I'm a newbie to Generics and the like.  And I'm sure that lots of folks have already been using the approach I'm about to talk about for some time now, but to me... this is freaking cool!

My project is the typical client/server situation.  The UI will be running on the client, but the Business & Data layers need to run on an application server.  I've selected .NET Remoting for my connection framework.

In my project skeleton, I laid had put a stub in for a Business.Proxy assembly who would be responsible for doing the .NET Remoting dirty work for me.  This would be the single point of entry from the client to the server.
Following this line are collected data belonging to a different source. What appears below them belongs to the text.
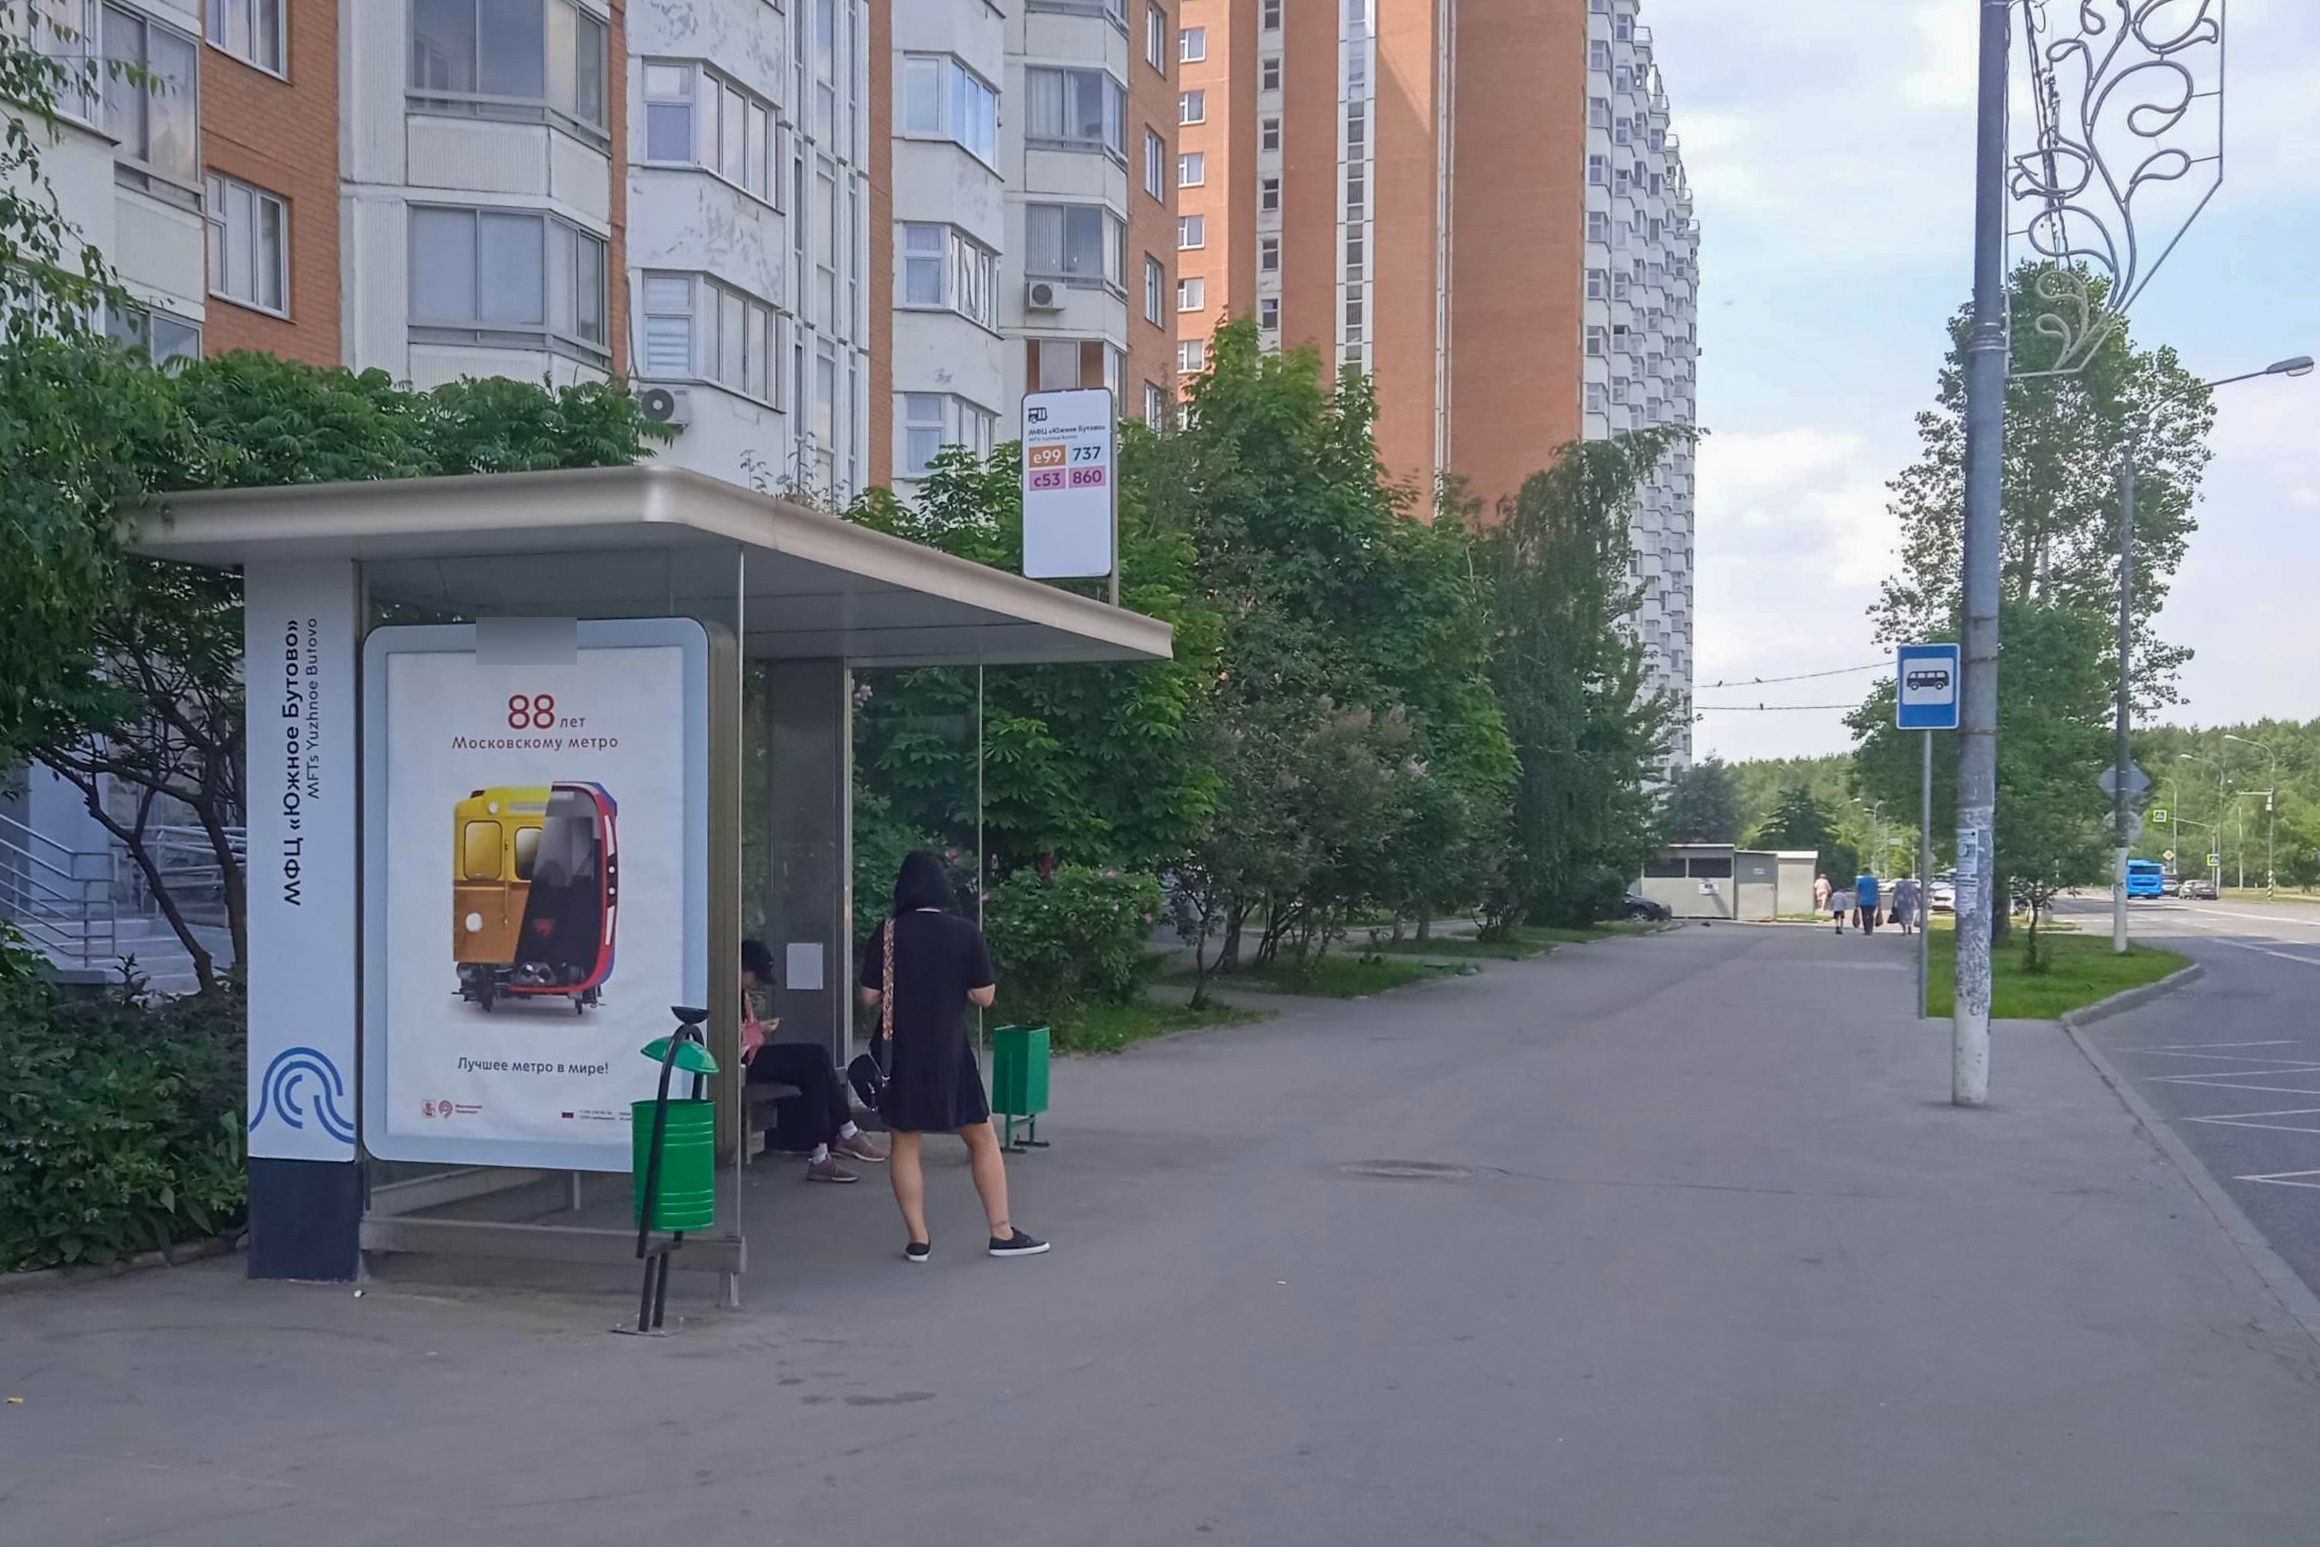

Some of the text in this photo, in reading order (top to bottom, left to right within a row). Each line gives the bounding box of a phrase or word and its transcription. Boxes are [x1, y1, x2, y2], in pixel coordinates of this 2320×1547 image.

[1073, 445, 1101, 461] 737
[1073, 470, 1102, 484] 860
[305, 618, 320, 800] MFTs Yuzhnoe Butovo
[507, 694, 587, 730] 88 лет
[451, 736, 618, 752] Московскому метро
[282, 620, 304, 906] МФЦ «Южное Бутово»
[457, 1057, 609, 1077] Лучшее метро в мире!
On the server, I have a Business.Manager assembly that will house all of my manager classes, where the real work happens.  Then I have my Data.Model assembly containing my data entities (generated by LLBLGen).
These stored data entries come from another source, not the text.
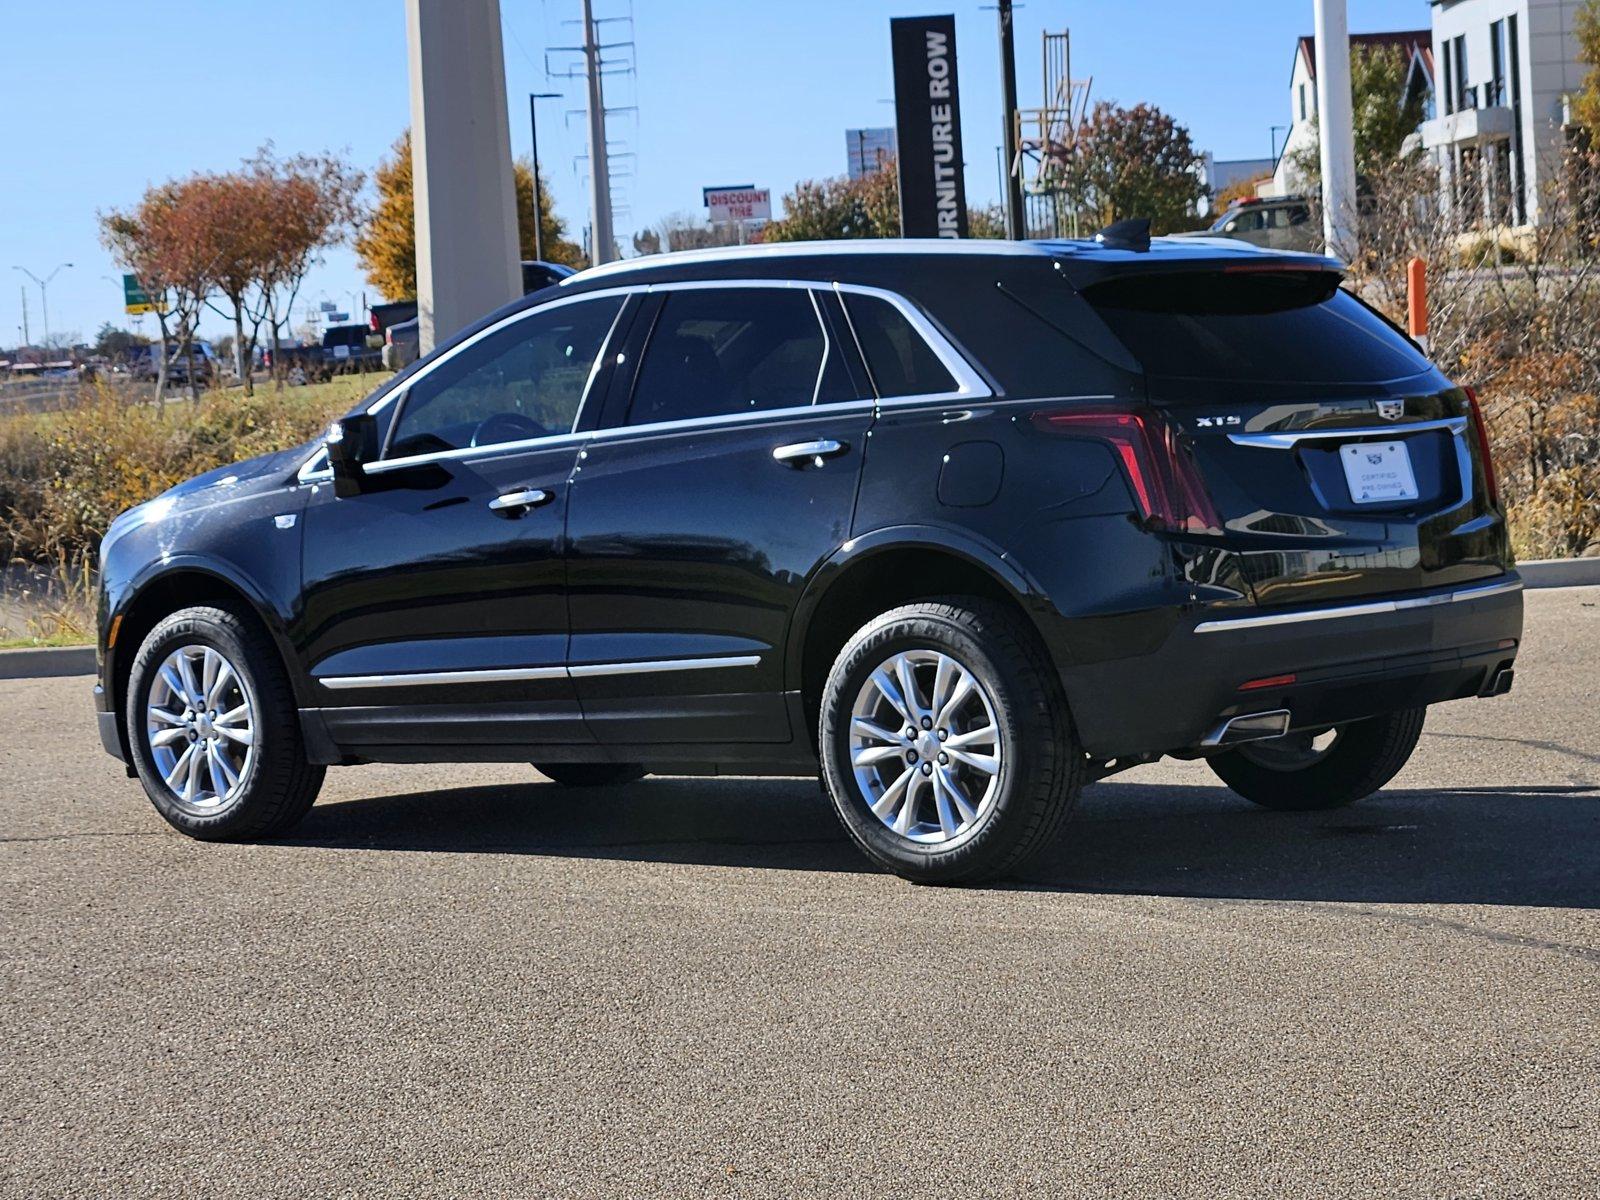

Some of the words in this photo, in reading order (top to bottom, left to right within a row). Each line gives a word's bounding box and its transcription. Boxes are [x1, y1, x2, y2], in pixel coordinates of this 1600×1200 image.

[926, 30, 950, 98] ROW
[931, 103, 959, 239] URNITURE
[711, 192, 767, 205] DISCOUNT
[729, 205, 753, 217] TIRE
[144, 623, 191, 667] IRONMAN
[844, 622, 915, 676] COUNTRY
My Presenter layer (MVP/Passive-View) needs to make calls into the server through the Business.Proxy, into the Business.Manager.  I expected to have a near 1-to-1 duplication of my Business.Manager classes in my Business.Proxy layer, with the Proxy layer exposing static methods that turned around and called the static methods on the Business.Manager classes, via Remoting.  I expected each method in the Proxy to end up being one or two lines of code to make the call.  Not too awful at first, but over time this would be a lot of seemingly duplicate code.
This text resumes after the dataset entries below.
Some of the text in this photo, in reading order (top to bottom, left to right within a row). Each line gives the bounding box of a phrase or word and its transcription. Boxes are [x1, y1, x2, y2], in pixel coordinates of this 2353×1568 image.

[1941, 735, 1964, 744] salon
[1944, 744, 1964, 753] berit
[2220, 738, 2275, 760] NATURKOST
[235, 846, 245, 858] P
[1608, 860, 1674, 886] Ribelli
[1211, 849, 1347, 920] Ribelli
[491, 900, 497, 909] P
Well, Generics to the rescue.  The alternate approach I came up with this afternoon actually serves the Manager classes up directly to the Presenter, via the Proxy layer.  This allows the Presenter to work directly against the Manager classes instead of working against an abstracted copy in the Proxy classes.  And best of all, my Proxy layer consists of 1 class with 1 static method, and that's it!  Here's the Proxy:

namespace Business.Proxy
{
public class ManagerProxy<Manager>
where Manager : Business.Manager.Common.ManagerBase, new()
{
public static Manager GetManager()
{
RemotingConfiguration.Configure(
"Business.Proxy.dll.config", false);
return new Manager();
}
}
}

My calling code from the Presenter looks like this:

_Manager = ManagerProxy<MyManager>.GetManager();

And then my Presenter layer works directly against the manager, except any interactions taken against it happen on the server.  This made my day!


My next step is to see if I can get around having to list all of my managers out in the Remoting config file.